These days I would not cross the street for the most famous chef on the planet, whichever one of dozens he might be. But nearly 20 years ago my consort and I heard Edna Lewis was cooking in Brooklyn and headed straight to Gage & Tollner on Fulton Mall, certain the reward would be a meal for the memory books.
It was a different time, but Edna Lewis was a very different celebrity chef. Regional American cooking had only recently been codified, and she was to Southern cooking what Alice Waters was to Californian, what Paul Prudhomme was to Cajun.Her fame came not from showboating and grandstanding and turning her kitchen into a mad scientist’s lab but from doing what many of the most legitimately revered chefs do today, working magic with local ingredients in season, treating them with absolute respect. Her skills were not acquired in culinary school or stages in Paris but from a childhood in Virginia spent making and eating the Southern food her mother and grandmothers had perfected. And she passed her lessons along in four well-regarded cookbooks before coming to work at Gage & Tollner, the 1879 bastion of seafood where she exposed countless diners to a more elegant style of country cooking, not soul food but a rich and nuanced repertoire.

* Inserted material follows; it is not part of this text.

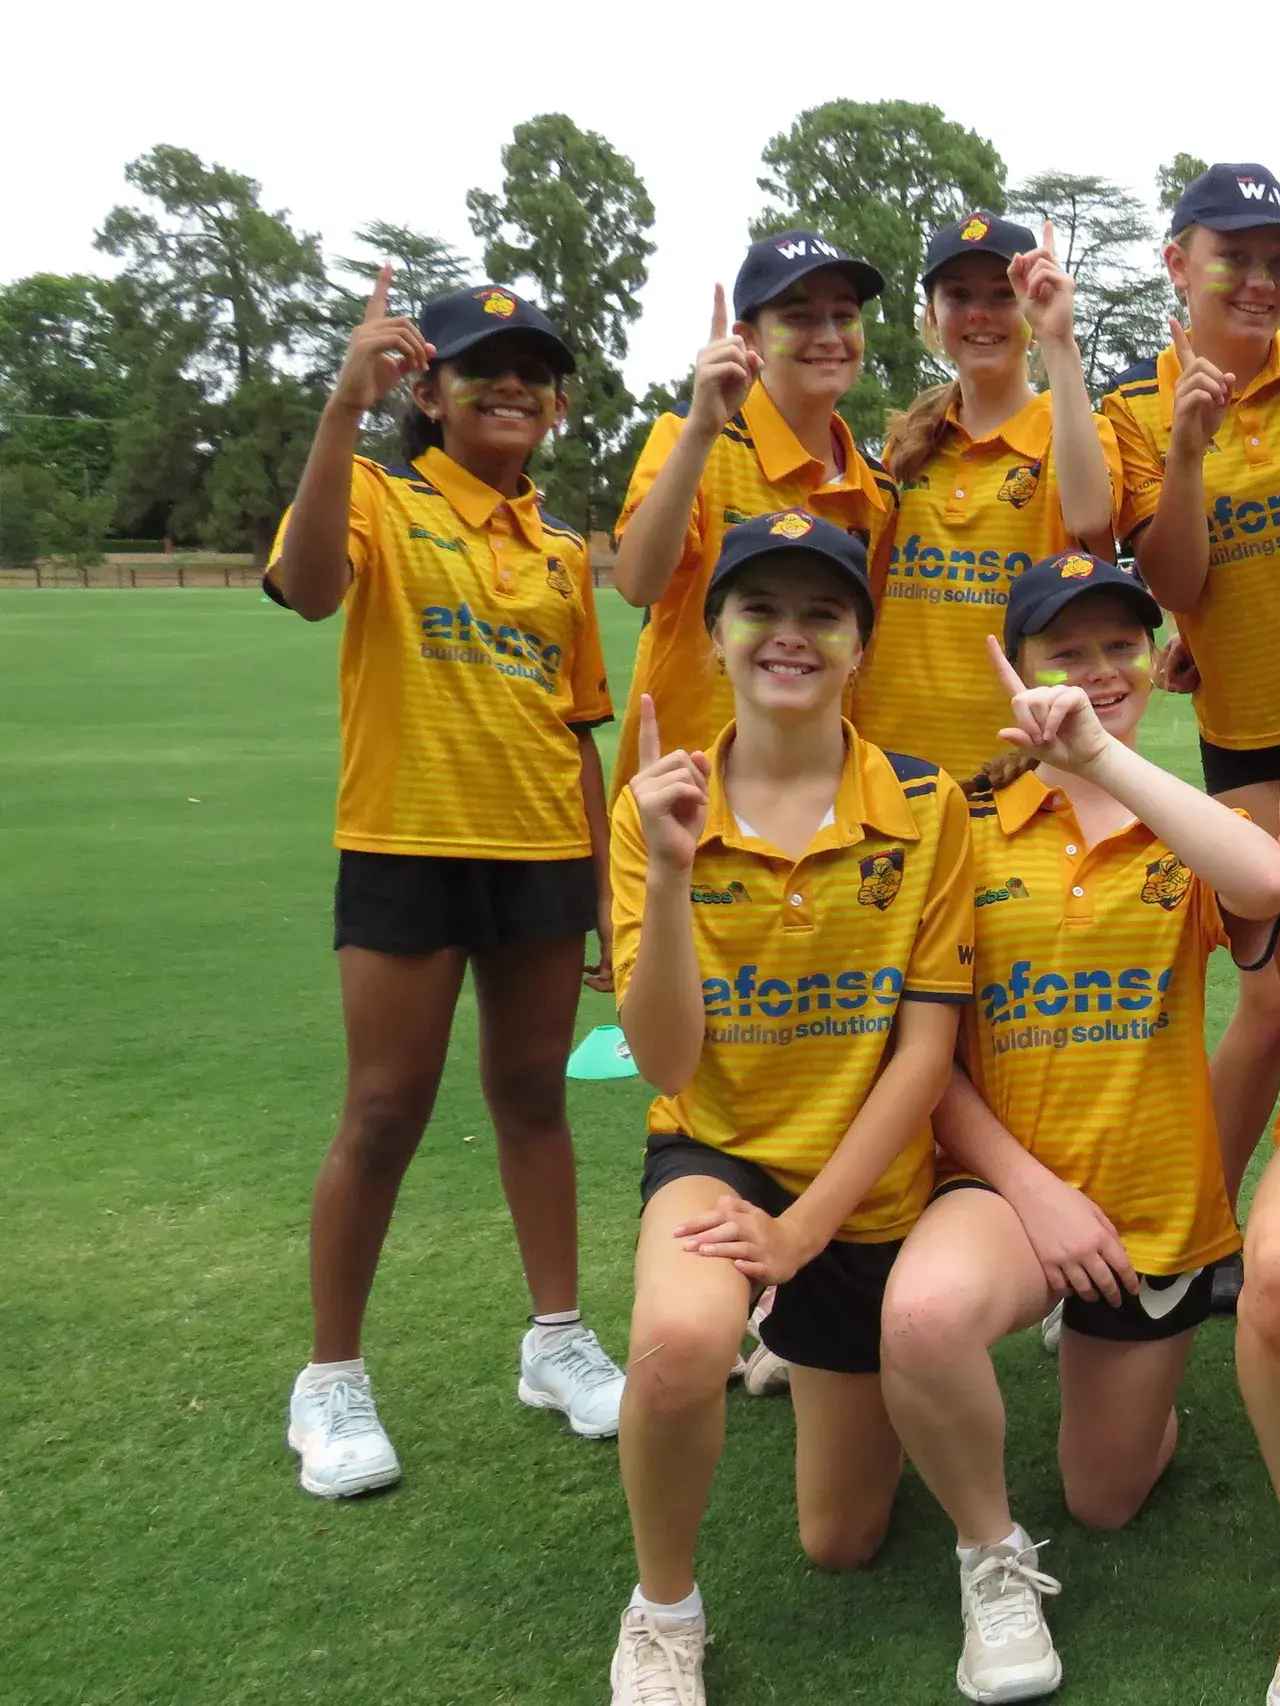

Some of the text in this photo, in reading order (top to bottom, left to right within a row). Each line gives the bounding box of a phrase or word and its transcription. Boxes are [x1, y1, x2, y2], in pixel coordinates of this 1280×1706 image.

[1209, 539, 1275, 566] uilding
[885, 583, 941, 604] uilding
[702, 964, 904, 1018] afonso
[704, 1023, 794, 1046] uilding

Miss Lewis, as everyone called her, was already nearly three times the age of a “Top Chef” hotshot when she started cooking in Brooklyn. She originally made her name as chef in the late Forties at Cafe Nicholson in Manhattan, where her chocolate souffle was legendary and where clients-turned-friends included Truman Capote. But she had been back in the South for decades when she was lured north by Peter Aschkenasy, a restaurateur who was captivated by her and her cooking at a Park Avenue wedding she catered. He lured her away from Middleton Place outside Charleston first to cook briefly at his Uncle Sam’s steakhouse in Rockefeller Center and then full time when he bought Gage & Tollner in 1988.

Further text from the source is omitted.